Your objective — Images do not belong in the copy; retype the rest of the entries below exactly.
-------- Data
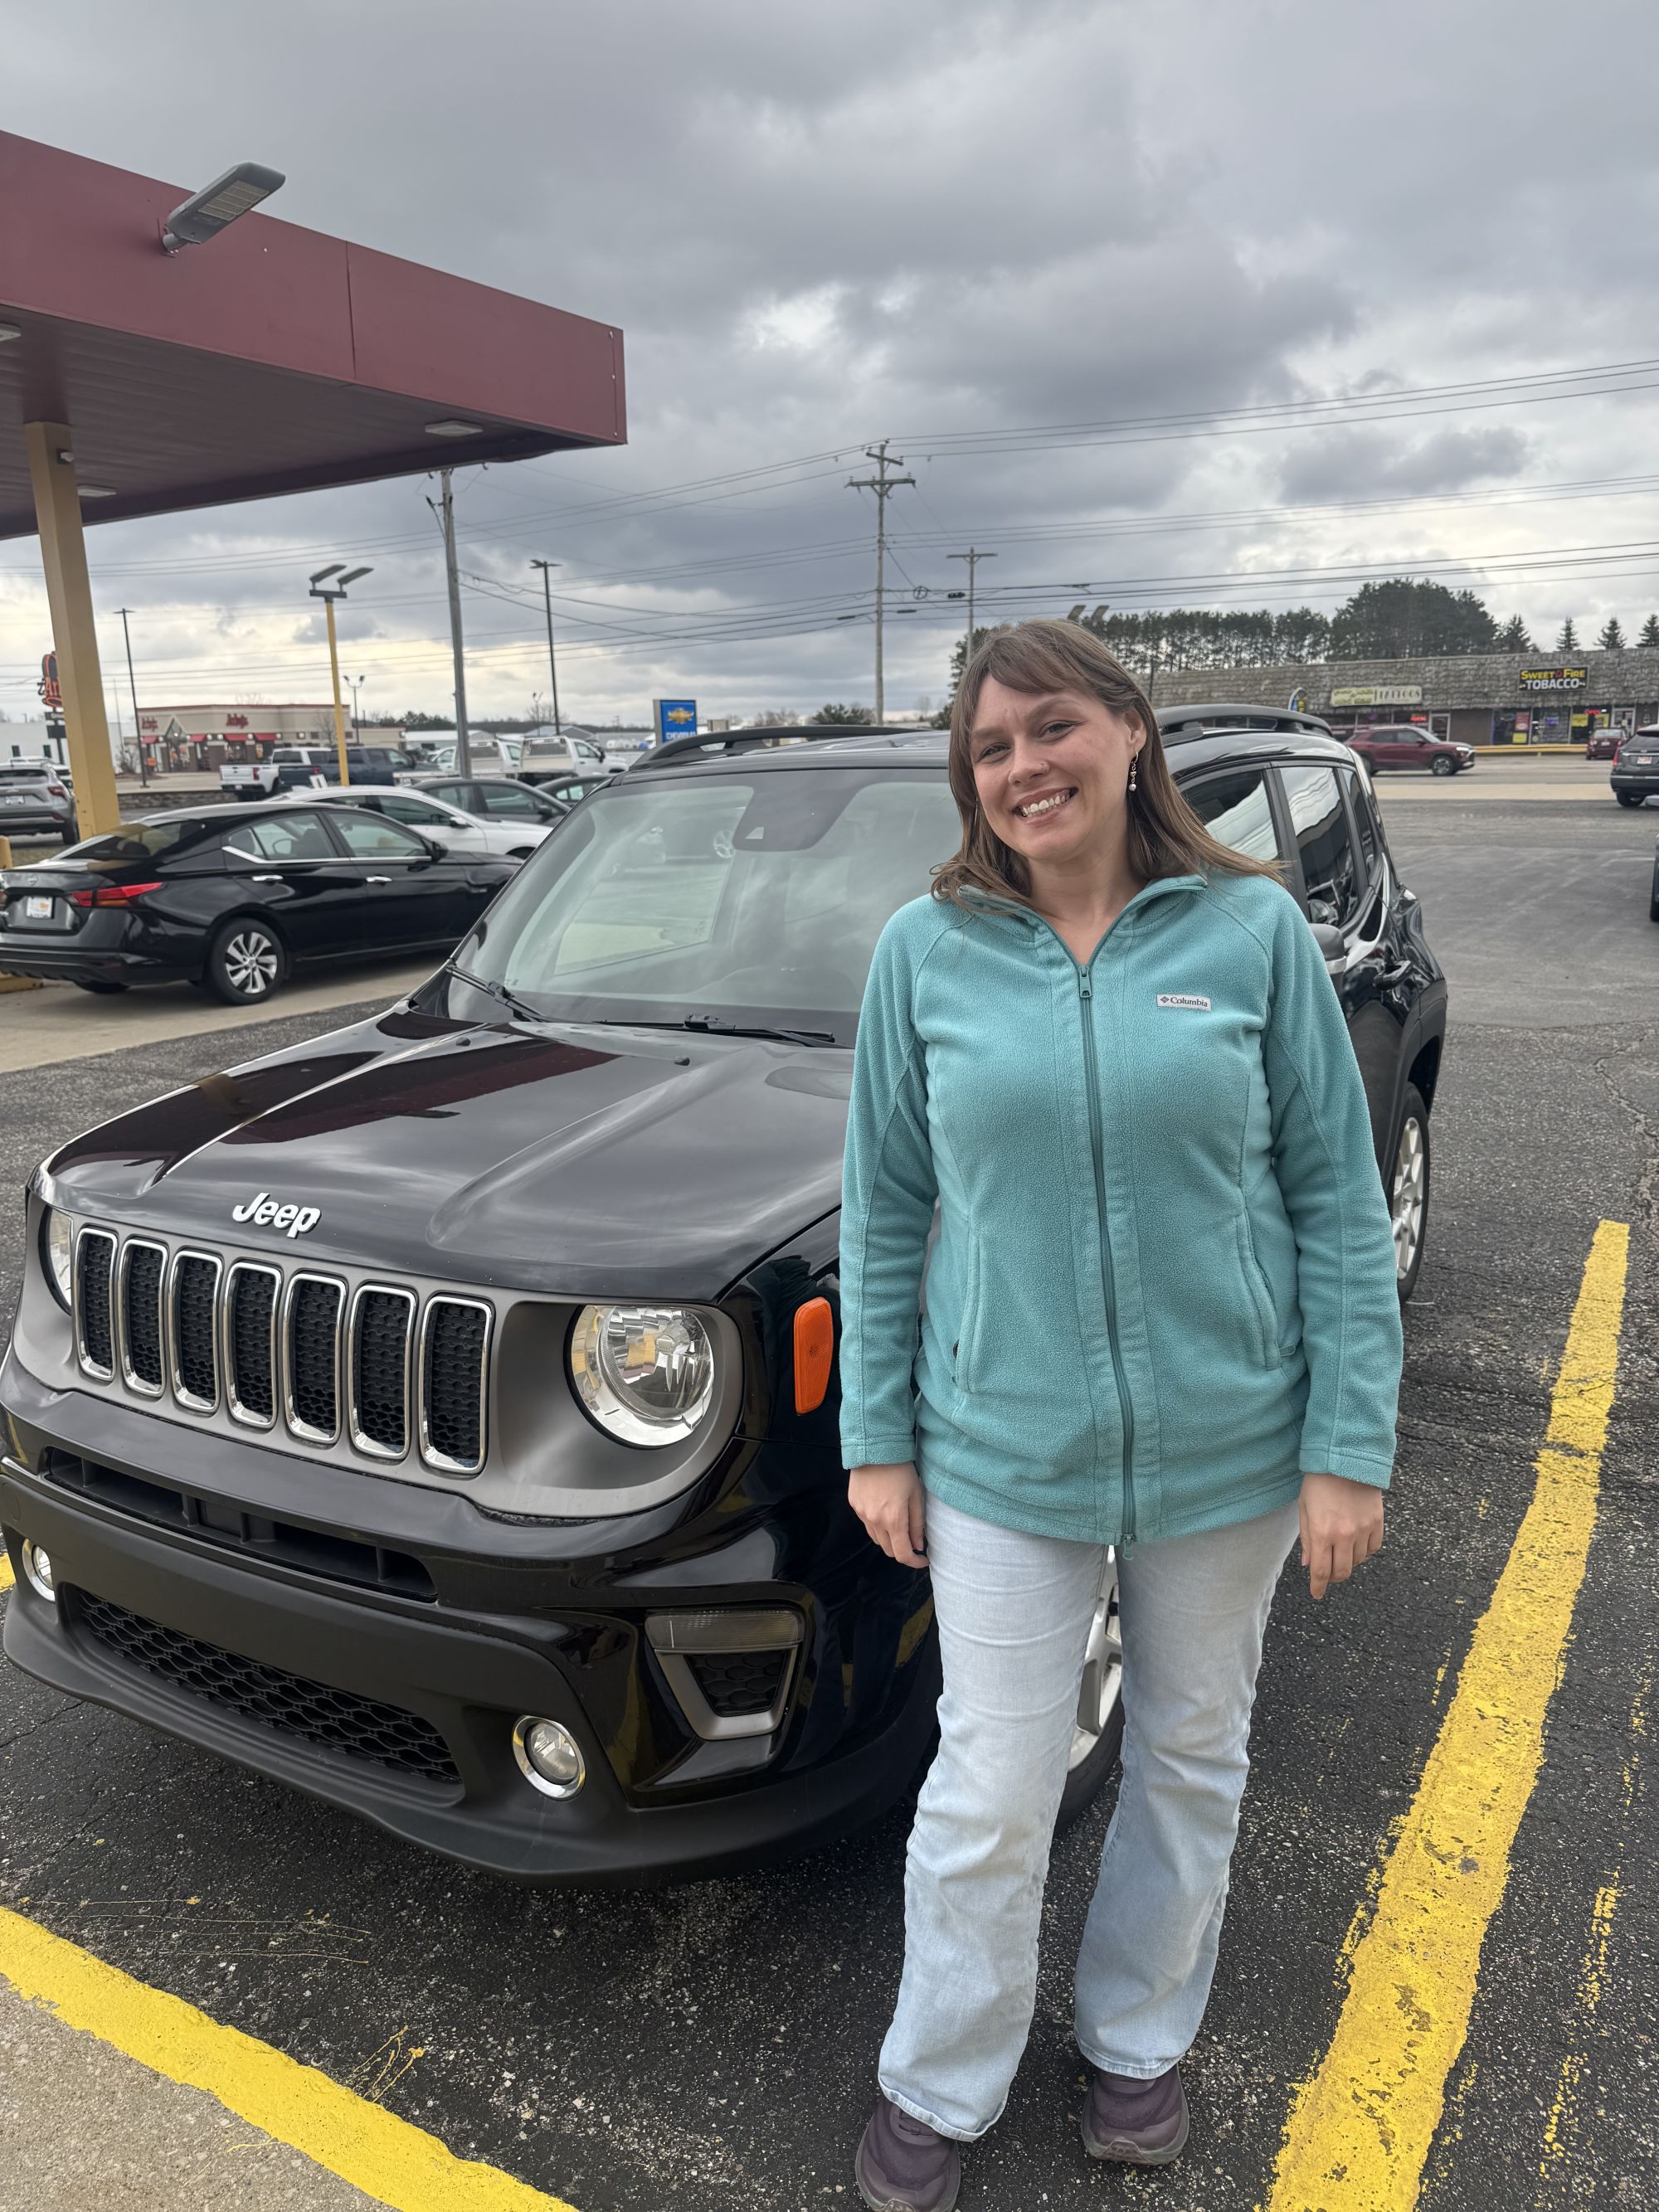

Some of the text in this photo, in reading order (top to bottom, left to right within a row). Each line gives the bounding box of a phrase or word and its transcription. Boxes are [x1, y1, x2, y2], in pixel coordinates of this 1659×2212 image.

[1520, 668, 1585, 679] SWEET FIRE
[1526, 678, 1579, 690] TOBACCO
[1170, 996, 1208, 1007] Columbia
[232, 1192, 321, 1239] Jeep
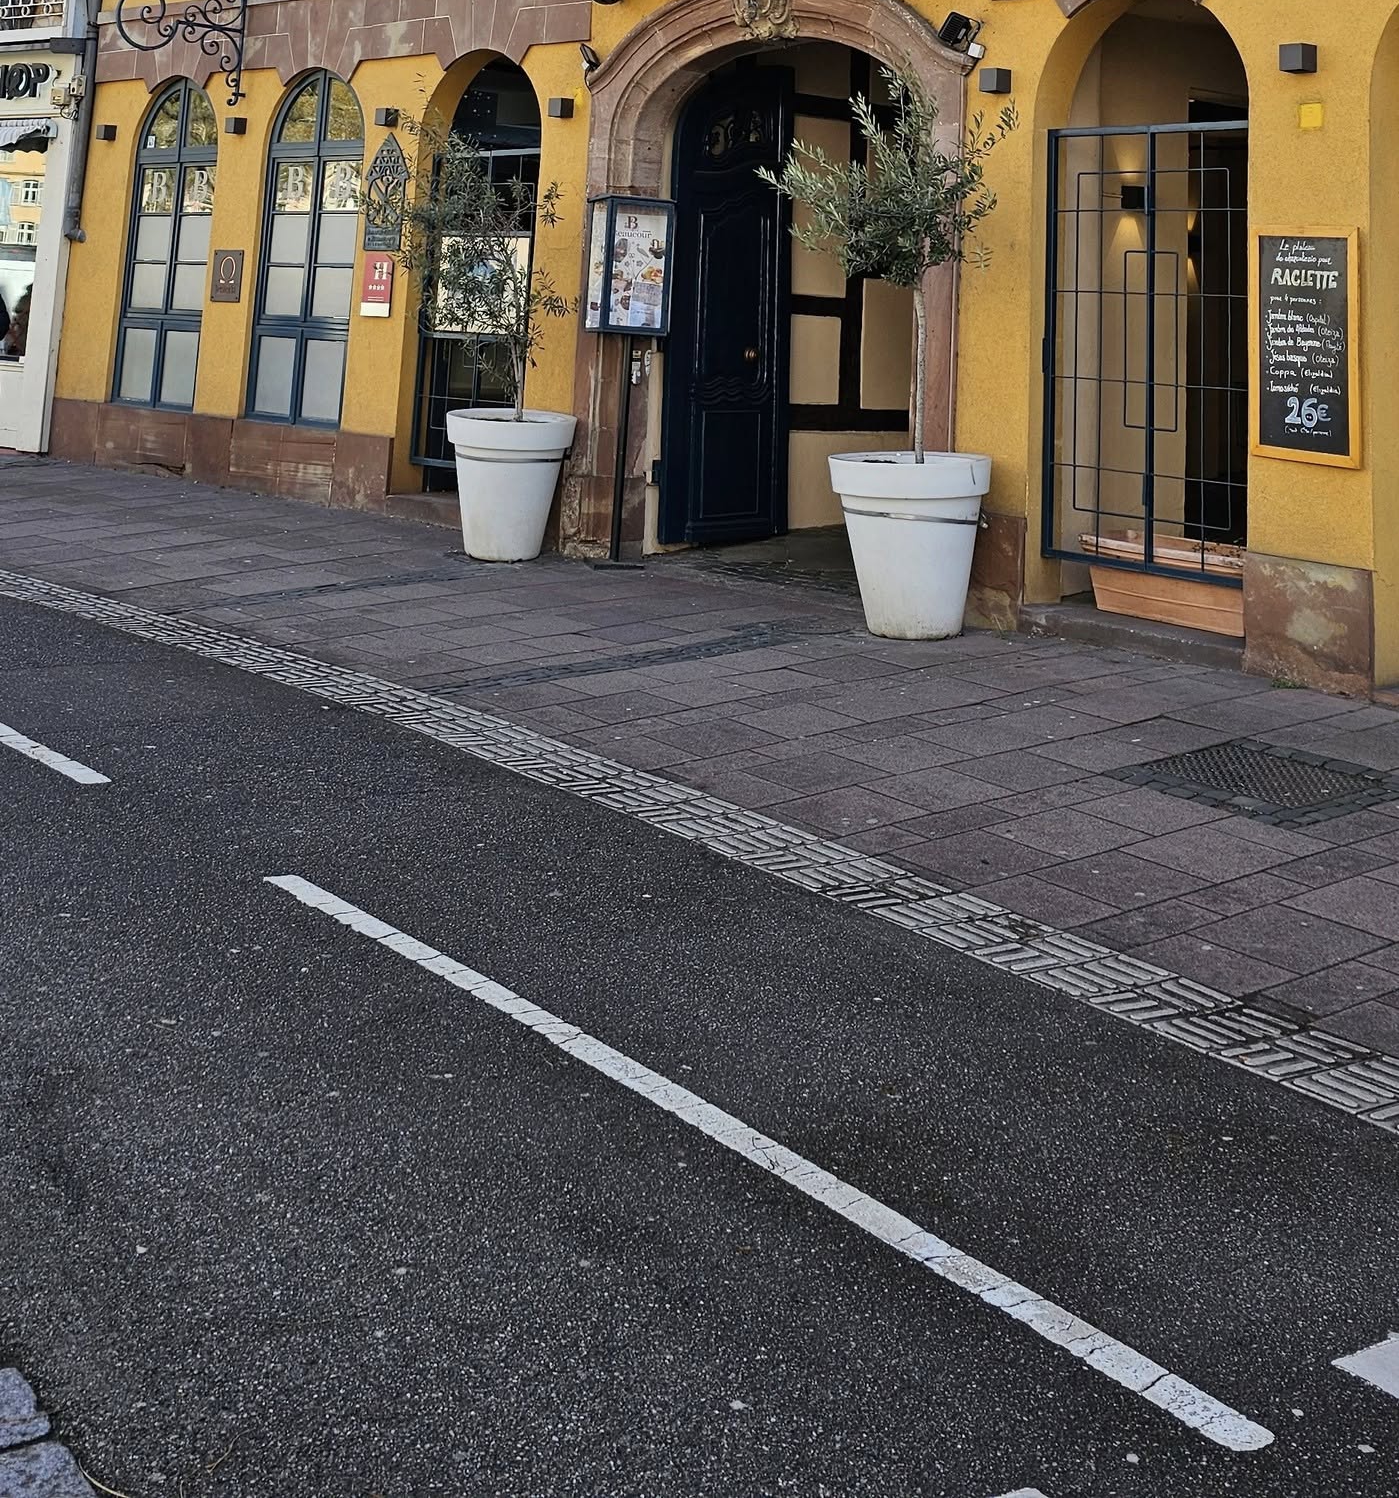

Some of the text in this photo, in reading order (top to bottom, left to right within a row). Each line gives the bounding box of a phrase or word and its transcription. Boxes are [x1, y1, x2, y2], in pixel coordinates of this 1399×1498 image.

[1270, 267, 1339, 290] RACLETTE
[1269, 365, 1297, 379] Coppa
[1284, 396, 1332, 428] 26€
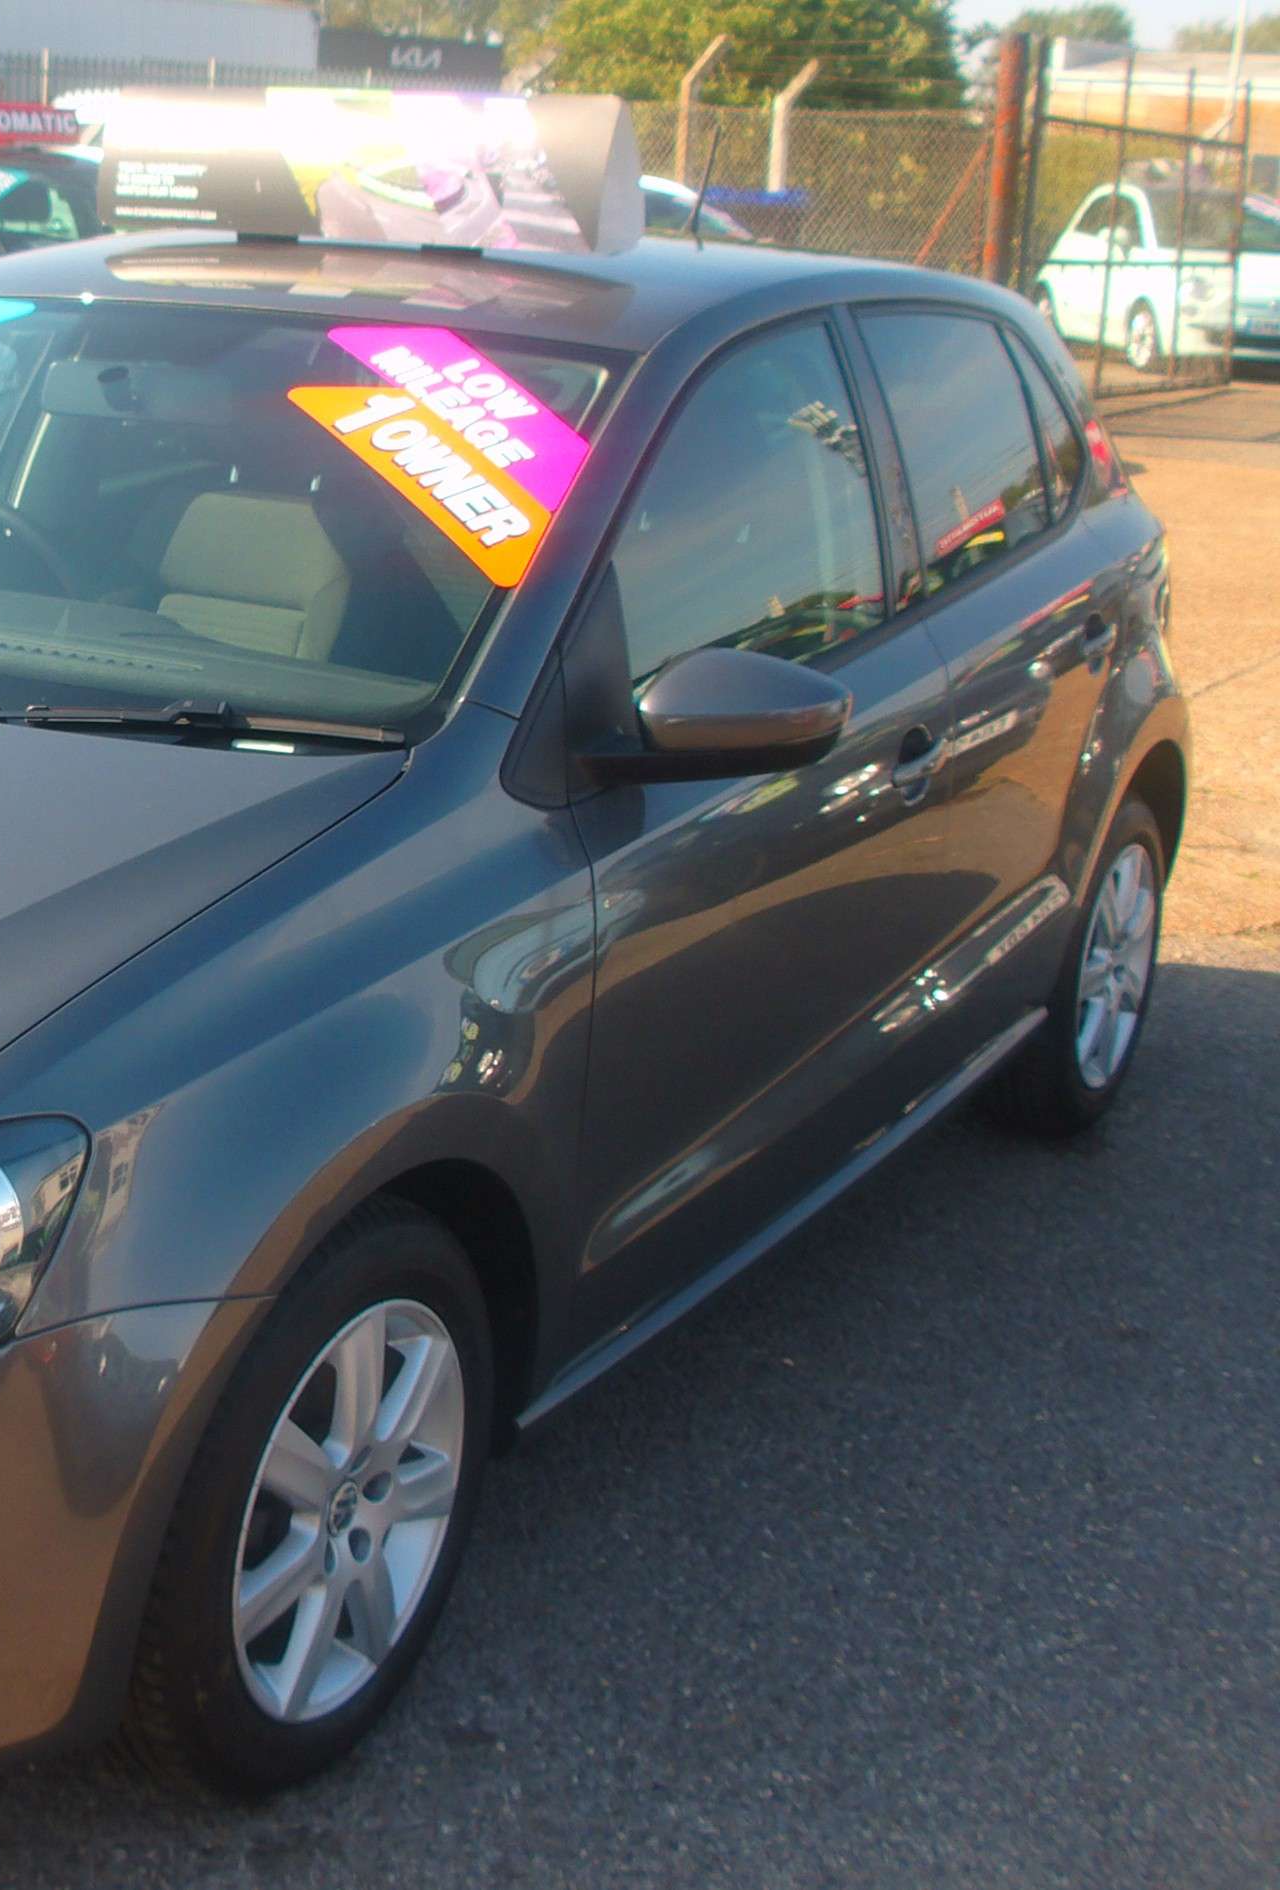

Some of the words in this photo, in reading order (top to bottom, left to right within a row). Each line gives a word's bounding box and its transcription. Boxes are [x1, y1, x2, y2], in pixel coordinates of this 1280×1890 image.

[390, 47, 442, 68] KIA
[333, 393, 417, 435] 1
[370, 346, 536, 468] MILEAGE
[441, 358, 539, 420] LOW
[370, 419, 532, 549] OWNER
----------------
Answer to this problem —
Some of the text in this photo, in reading order (top to bottom, left to right within a row). Each line gives the bounding box of a phrase or word and its transcription. Boxes are [x1, y1, x2, y2], in pixel coordinates of this 1659×2212 image.

[1520, 668, 1585, 679] SWEET FIRE
[1526, 678, 1579, 690] TOBACCO
[1170, 996, 1208, 1007] Columbia
[232, 1192, 321, 1239] Jeep

Some of the text in this photo, in reading order (top to bottom, left to right within a row). Each line gives the bounding box of a phrase or word and its transcription. Boxes are [x1, y1, x2, y2], in pixel coordinates of this 1399×1498 image.

[1270, 267, 1339, 290] RACLETTE
[1269, 365, 1297, 379] Coppa
[1284, 396, 1332, 428] 26€

Some of the words in this photo, in reading order (top to bottom, left to right within a row). Each line gives a word's bounding box and its transcription. Boxes are [x1, y1, x2, y2], in pixel coordinates of this 1280×1890 image.

[390, 47, 442, 68] KIA
[333, 393, 417, 435] 1
[370, 346, 536, 468] MILEAGE
[441, 358, 539, 420] LOW
[370, 419, 532, 549] OWNER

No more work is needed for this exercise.